But the great home equity ATM is gone, and that was a big part of what drove increases in consumer spending in previous years as homeowners took out enormous HELOCs to amp up an unsustainable lifestyle.  Without that, will we start seeing increases of 3.5% anytime soon?

A new study by the Boston Fed’s Daniel Cooper suggests that we shouldn’t be overly concerned with the impact of declining home-equity extraction on spending. Cooper argues that only the credit-constrained (that’s economist shorthand for those with little access to credit) borrowed heavily against their homes to consume. He estimates that an 11% decline in housing wealth in 2008 lead to only a 0.75% fall in non-housing-related spending. In other words, declining home prices could only have a small impact on people’s willingness to spend.
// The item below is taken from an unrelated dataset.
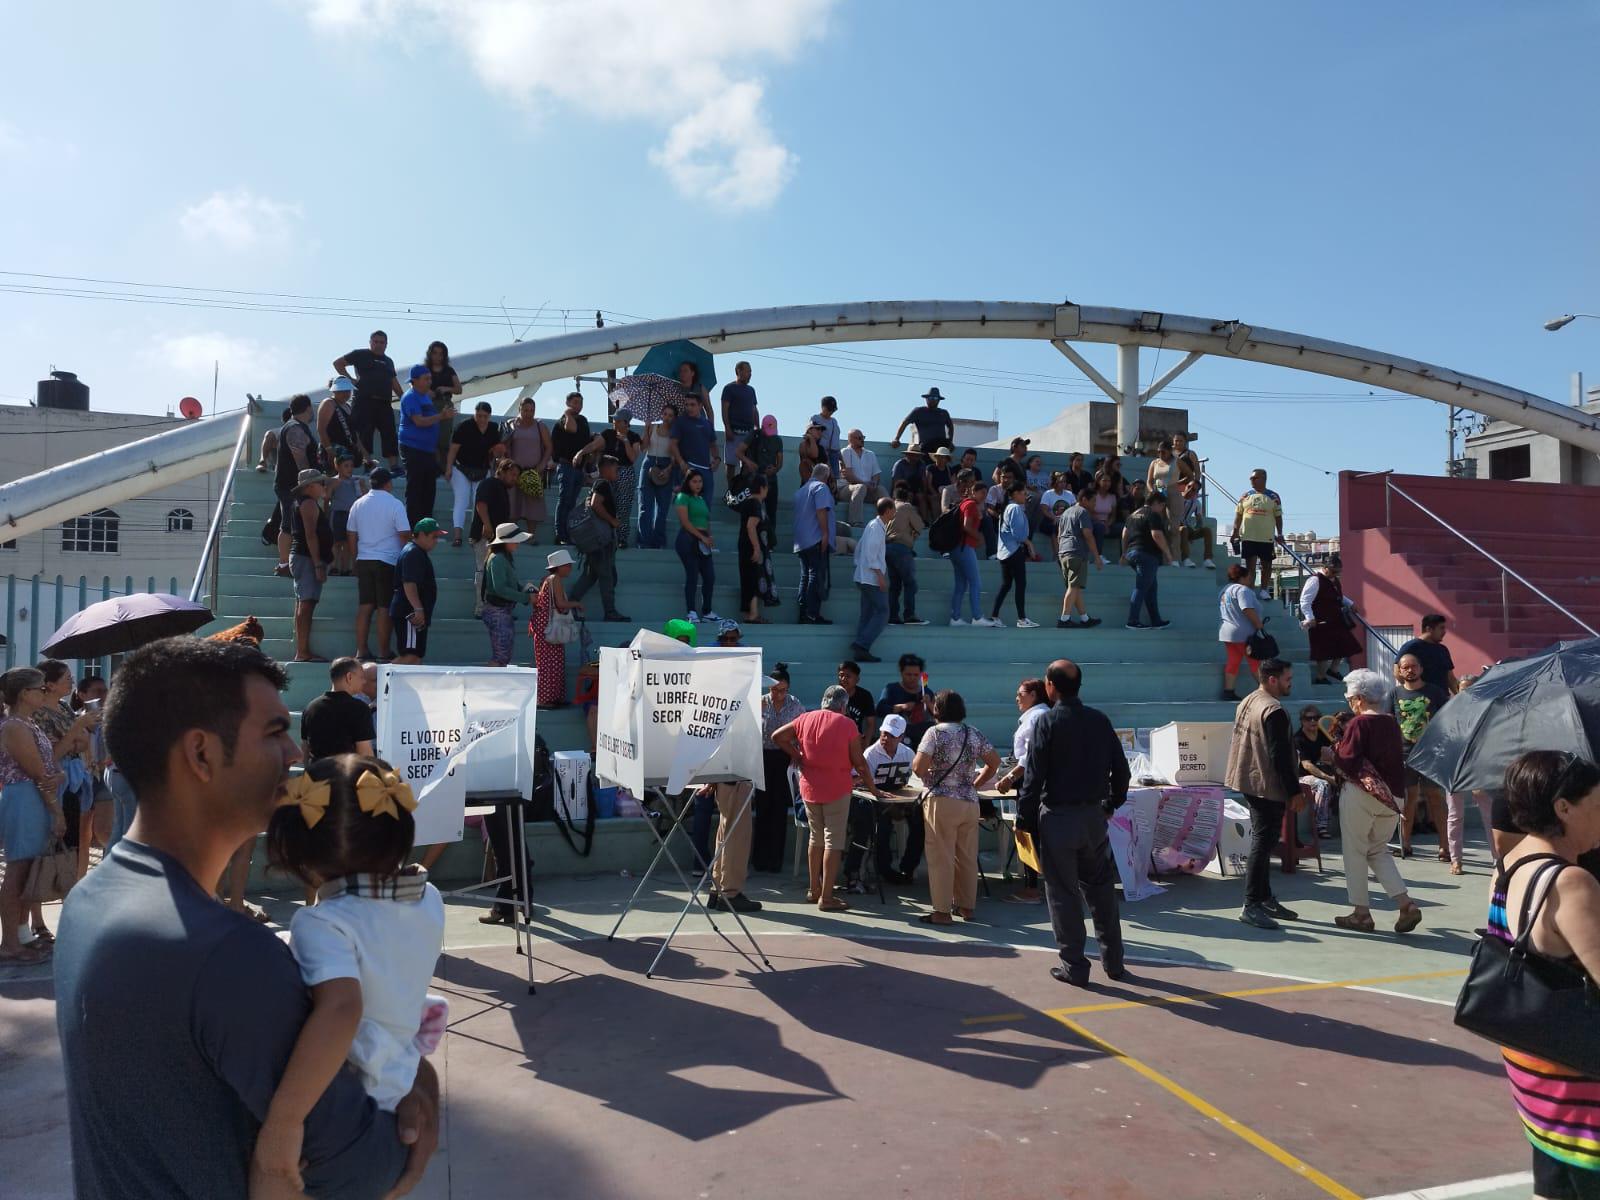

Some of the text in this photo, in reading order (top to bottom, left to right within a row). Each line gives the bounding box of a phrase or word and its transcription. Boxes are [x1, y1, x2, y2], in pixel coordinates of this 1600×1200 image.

The basic reason is that, in a given year, the majority of homeowners are not credit constrained, so a big drop in home prices shouldn’t affect their spending ability (that is, if you believe Cooper and Willem Buiter’s contention that the housing wealth effect is really the housing-as collateral effect).

But isn’t the bigger question not the impact of one single factor on spending, but where increased spending is going to come from at all?  Basically, it can come from (a) wages going up, (b) increased debt, or (c) spending down savings.  Real wages have gone up a bit lately thanks to negative inflation, but that’s strictly a short-term blip.  I don’t think anyone expects wages to increase in the future at more than their historical 1-2% rate (1% if you count only cash wages, 2% or so if you count healthcare expenditures too).  Increased debt is out of the question too.  Consumers are paying down debt, not increasing it.  And savings are going up, not down.

None of this stuff has to last forever, and eventually all the deleveraging will be over and we can return to fundamental growth rates.  But even then, with debt and savings neutral, that growth rate is going to be determined by wage growth.  In the near future, at least, it’s hard to see how that gets us back to 3.5%.